| What you will do |
Every line of the data below must be given again exactly.

| Information |
= Beginning of Section =

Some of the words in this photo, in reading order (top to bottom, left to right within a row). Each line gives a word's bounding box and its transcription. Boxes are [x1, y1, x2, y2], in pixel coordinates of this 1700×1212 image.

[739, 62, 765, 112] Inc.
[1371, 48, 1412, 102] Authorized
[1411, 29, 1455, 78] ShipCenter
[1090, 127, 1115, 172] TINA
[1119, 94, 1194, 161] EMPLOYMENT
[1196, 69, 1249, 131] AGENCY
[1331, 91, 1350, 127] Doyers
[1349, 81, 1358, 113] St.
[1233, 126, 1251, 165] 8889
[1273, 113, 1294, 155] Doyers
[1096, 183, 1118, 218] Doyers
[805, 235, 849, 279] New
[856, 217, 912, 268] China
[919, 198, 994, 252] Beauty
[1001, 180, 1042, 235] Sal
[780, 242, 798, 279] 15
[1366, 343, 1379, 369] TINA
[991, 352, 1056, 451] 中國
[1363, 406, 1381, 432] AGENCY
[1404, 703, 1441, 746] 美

= End of Section =

| Exercise solution |
Some of the words in this photo, in reading order (top to bottom, left to right within a row). Each line gives a word's bounding box and its transcription. Boxes are [x1, y1, x2, y2], in pixel coordinates of this 1700×1212 image.

[739, 62, 765, 112] Inc.
[1371, 48, 1412, 102] Authorized
[1411, 29, 1455, 78] ShipCenter
[1090, 127, 1115, 172] TINA
[1119, 94, 1194, 161] EMPLOYMENT
[1196, 69, 1249, 131] AGENCY
[1331, 91, 1350, 127] Doyers
[1349, 81, 1358, 113] St.
[1233, 126, 1251, 165] 8889
[1273, 113, 1294, 155] Doyers
[1096, 183, 1118, 218] Doyers
[805, 235, 849, 279] New
[856, 217, 912, 268] China
[919, 198, 994, 252] Beauty
[1001, 180, 1042, 235] Sal
[780, 242, 798, 279] 15
[1366, 343, 1379, 369] TINA
[991, 352, 1056, 451] 中國
[1363, 406, 1381, 432] AGENCY
[1404, 703, 1441, 746] 美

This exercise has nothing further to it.